Infanzia e amori di Dante
Dante nasce a Firenze nel 1265, da una famiglia guelfa. Da ragazzo ebbe una propensione verso lo studio letterario. Si sposò con Gemma Donati. Ma il suo amore spirituale era Beatrice. Beatrice è il cardine di tutto il percorso umano e spirituale di Dante: proprio la sua morte nel 1290 segnerà la vita di Dante che si riprenderà solo nel 1295 grazie alla filosofia, che lui ritiene una fonte di felicità.
Carriera politica e esilio
Nel 1300 viene attribuito a Dante il ruolo di priore. In seguito si accosta ai guelfi, che in quel tempo erano divisi in bianchi e neri, i primi sostenevano la politica di purificazione, mentre i secondi sostenevano la politica di Bonifacio VIII che era l'esemplificazione della corruzione, dato che era il papa corroto per eccellenza. Nel 1301 i guelfi neri prendono il comando di Firenze e perseguitano la parte sconfitta. Nel 1302 Dante apprende di essere stato esiliato.
La missione divina e la Commedia
Durante l'esilio avviene in lui il passaggio da intellettuale cittadino a intllettuale cortigiano, in quanto viaggiò per varie regioni italiani come uomo di corte. Durante l'esilio Dante capì che il caos che c'era era determinato dall'assenza di un imperatore che regolasse la vita civile. Fu convinto di essere stato investito da Dio della missione di indicare all'umanità le cause della sua degradazione morale e di condurla sulla via del riscatto. Da qui nasce il disegno della Commedia, alla quale lavorò per tutti gli anni dell'esilio.

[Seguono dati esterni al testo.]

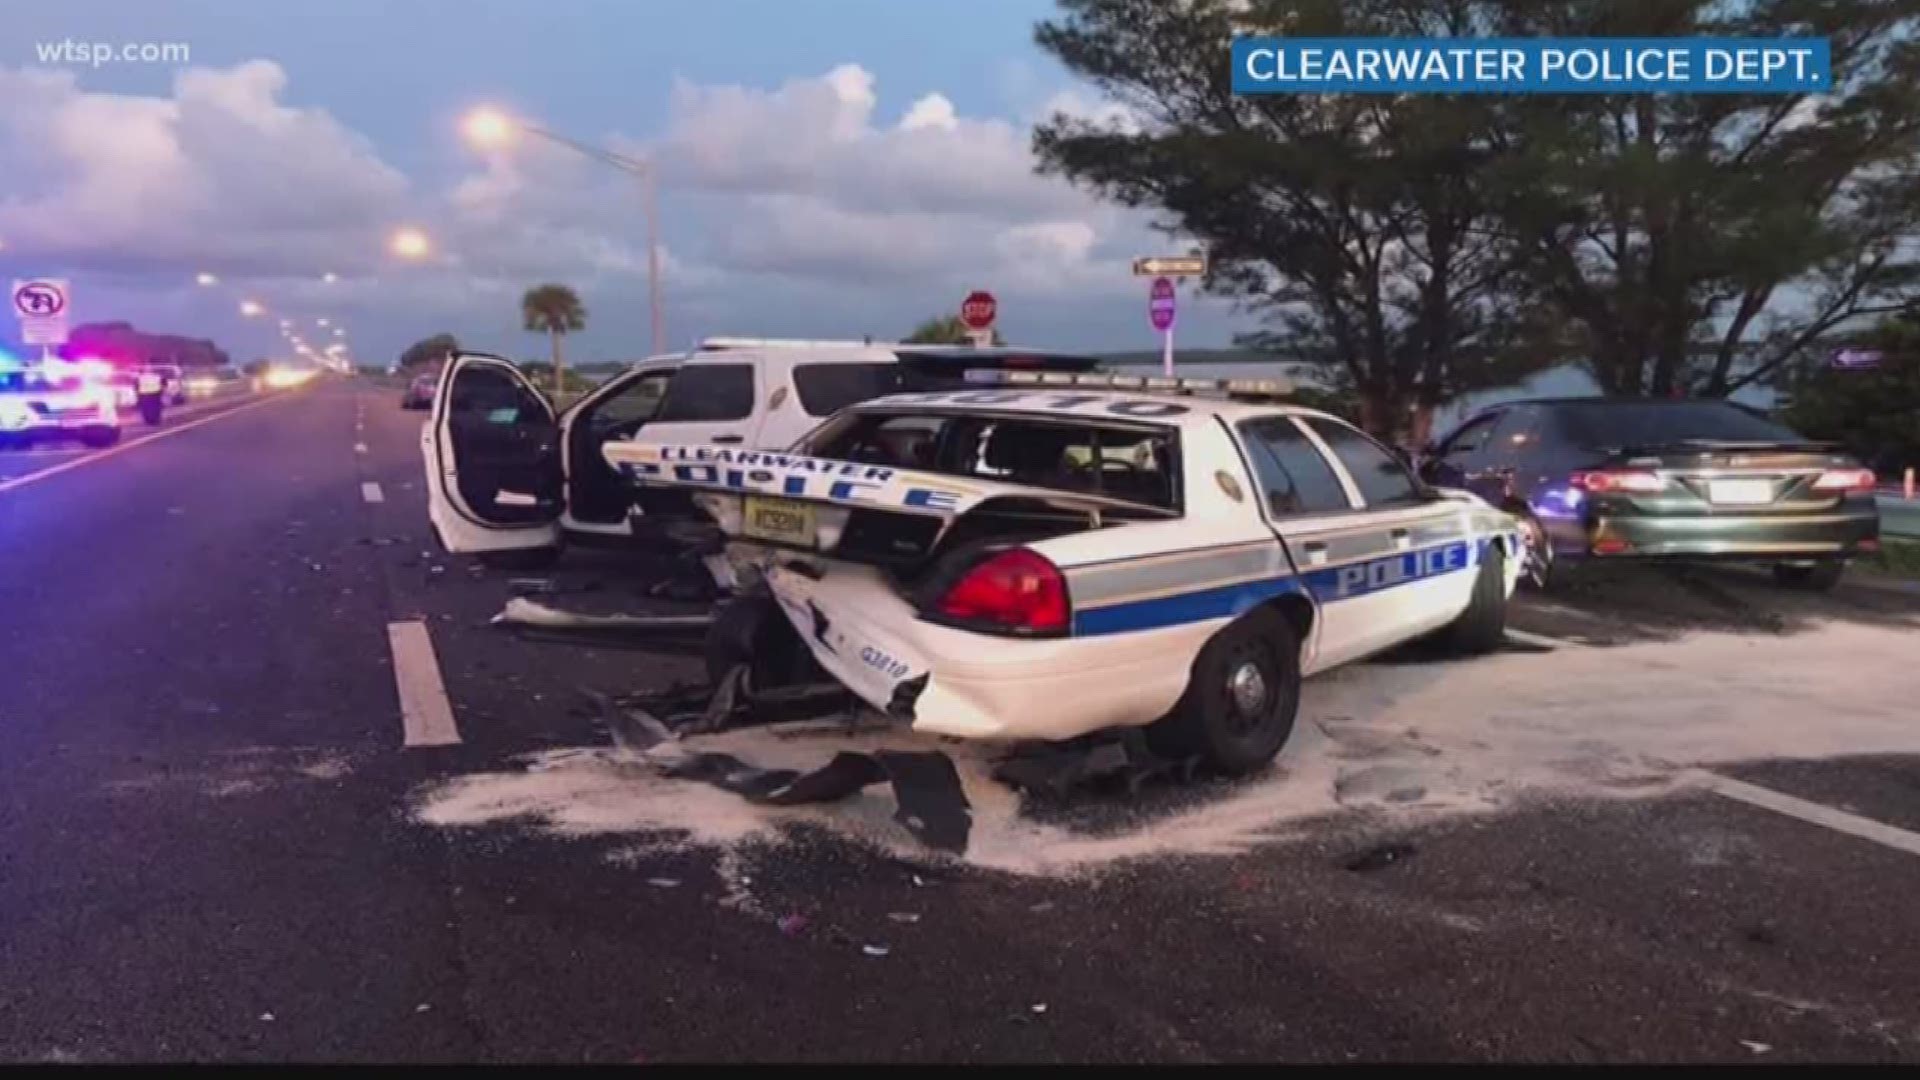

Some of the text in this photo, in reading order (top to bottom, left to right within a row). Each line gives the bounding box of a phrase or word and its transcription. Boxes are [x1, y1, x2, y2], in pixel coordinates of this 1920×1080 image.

[617, 462, 962, 510] POLICE
[660, 447, 893, 481] CLEARWATER
[1336, 545, 1462, 597] POLICE

Ultimi anni e morte a Ravenna
Trascorre gli ultimi anni della sua vita a Ravenna, dopo aver rifiutato un'amnistia che consisteva nel riconoscimento della sua colpevolezza. Morì nel 1321 a Ravenna.
Domande da interrogazione
- Qual è il ruolo di Beatrice nella vita di Dante?
- Quali eventi portarono all'esilio di Dante?
- Qual è la missione divina di Dante durante l'esilio?
Beatrice rappresenta il cardine del percorso umano e spirituale di Dante, la cui morte nel 1290 segna profondamente la sua vita, portandolo a trovare conforto nella filosofia (come indicato nel testo).
Dante fu esiliato nel 1302 dopo che i guelfi neri presero il comando di Firenze e perseguitarono la parte sconfitta, di cui Dante faceva parte (come descritto nel testo).
Durante l'esilio, Dante si convinse di essere stato investito da Dio della missione di indicare le cause della degradazione morale dell'umanità e di guidarla verso il riscatto, dando origine al progetto della Commedia (secondo quanto riportato nel testo).